>>

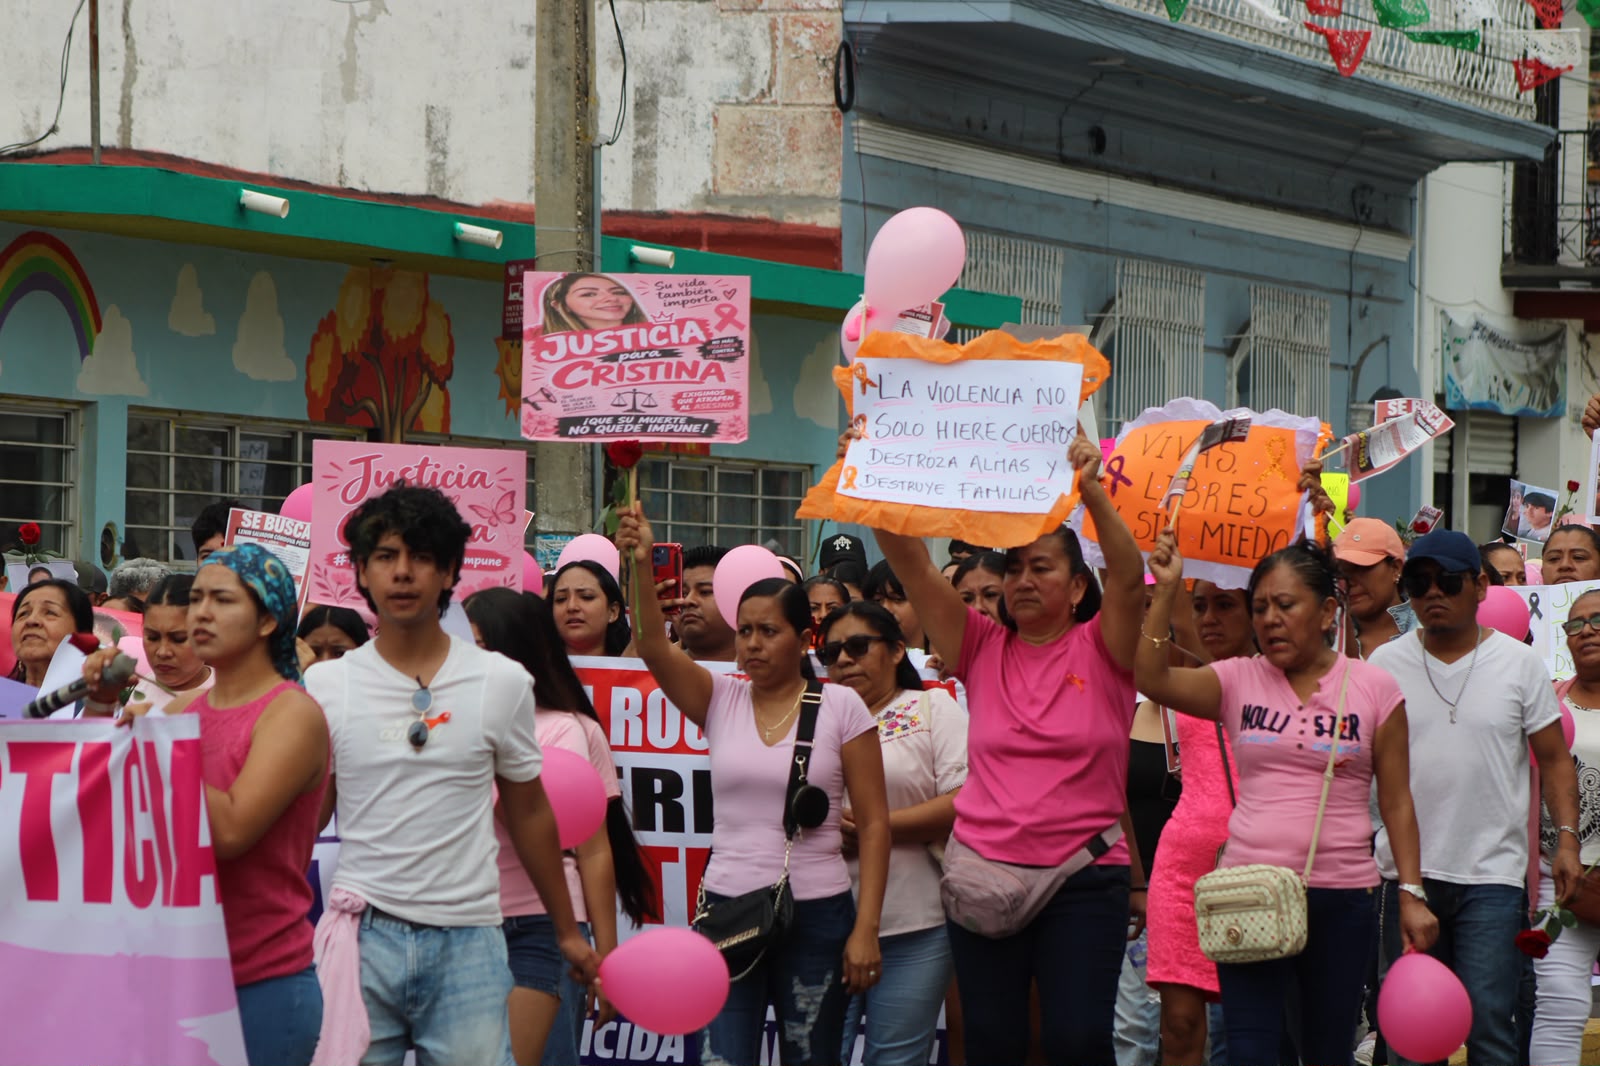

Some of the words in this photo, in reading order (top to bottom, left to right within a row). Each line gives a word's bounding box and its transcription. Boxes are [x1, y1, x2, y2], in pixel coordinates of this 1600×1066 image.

[654, 281, 672, 290] Su
[678, 278, 706, 288] vida
[657, 287, 713, 299] también
[663, 295, 720, 308] importa
[540, 320, 707, 362] JUSTICIA
[618, 349, 662, 364] para
[552, 360, 727, 389] CRISTINA
[682, 389, 726, 398] EXIGIMOS
[878, 373, 913, 400] LA
[928, 381, 1023, 405] VIOLENCIA
[1036, 387, 1066, 406] NO
[677, 397, 693, 405] QUE
[695, 395, 735, 403] ATRAPEN
[693, 402, 735, 410] ASESINO
[1387, 400, 1407, 415] SE
[618, 416, 635, 424] SU
[639, 416, 688, 424] MUERTE
[568, 425, 591, 435] NO
[595, 424, 643, 435] QUEDE
[647, 423, 709, 434] IMPUNE!
[875, 412, 925, 439] SOLO
[936, 420, 998, 441] HIERE
[1002, 420, 1077, 446] CUERPOS
[866, 448, 959, 470] DESTROZA
[969, 455, 1030, 474] ALMAS
[340, 454, 494, 504] Justicia
[860, 474, 946, 496] DESTRUYE
[241, 510, 262, 530] SE
[263, 514, 311, 540] BUSCA
[0, 736, 224, 909] TICIA

<<

TASK ITEM: Print the full listing above again with exact wording and no images.

EXPECTED OUTPUT:
Some of the words in this photo, in reading order (top to bottom, left to right within a row). Each line gives a word's bounding box and its transcription. Boxes are [x1, y1, x2, y2], in pixel coordinates of this 1600×1066 image.

[654, 281, 672, 290] Su
[678, 278, 706, 288] vida
[657, 287, 713, 299] también
[663, 295, 720, 308] importa
[540, 320, 707, 362] JUSTICIA
[618, 349, 662, 364] para
[552, 360, 727, 389] CRISTINA
[682, 389, 726, 398] EXIGIMOS
[878, 373, 913, 400] LA
[928, 381, 1023, 405] VIOLENCIA
[1036, 387, 1066, 406] NO
[677, 397, 693, 405] QUE
[695, 395, 735, 403] ATRAPEN
[693, 402, 735, 410] ASESINO
[1387, 400, 1407, 415] SE
[618, 416, 635, 424] SU
[639, 416, 688, 424] MUERTE
[568, 425, 591, 435] NO
[595, 424, 643, 435] QUEDE
[647, 423, 709, 434] IMPUNE!
[875, 412, 925, 439] SOLO
[936, 420, 998, 441] HIERE
[1002, 420, 1077, 446] CUERPOS
[866, 448, 959, 470] DESTROZA
[969, 455, 1030, 474] ALMAS
[340, 454, 494, 504] Justicia
[860, 474, 946, 496] DESTRUYE
[241, 510, 262, 530] SE
[263, 514, 311, 540] BUSCA
[0, 736, 224, 909] TICIA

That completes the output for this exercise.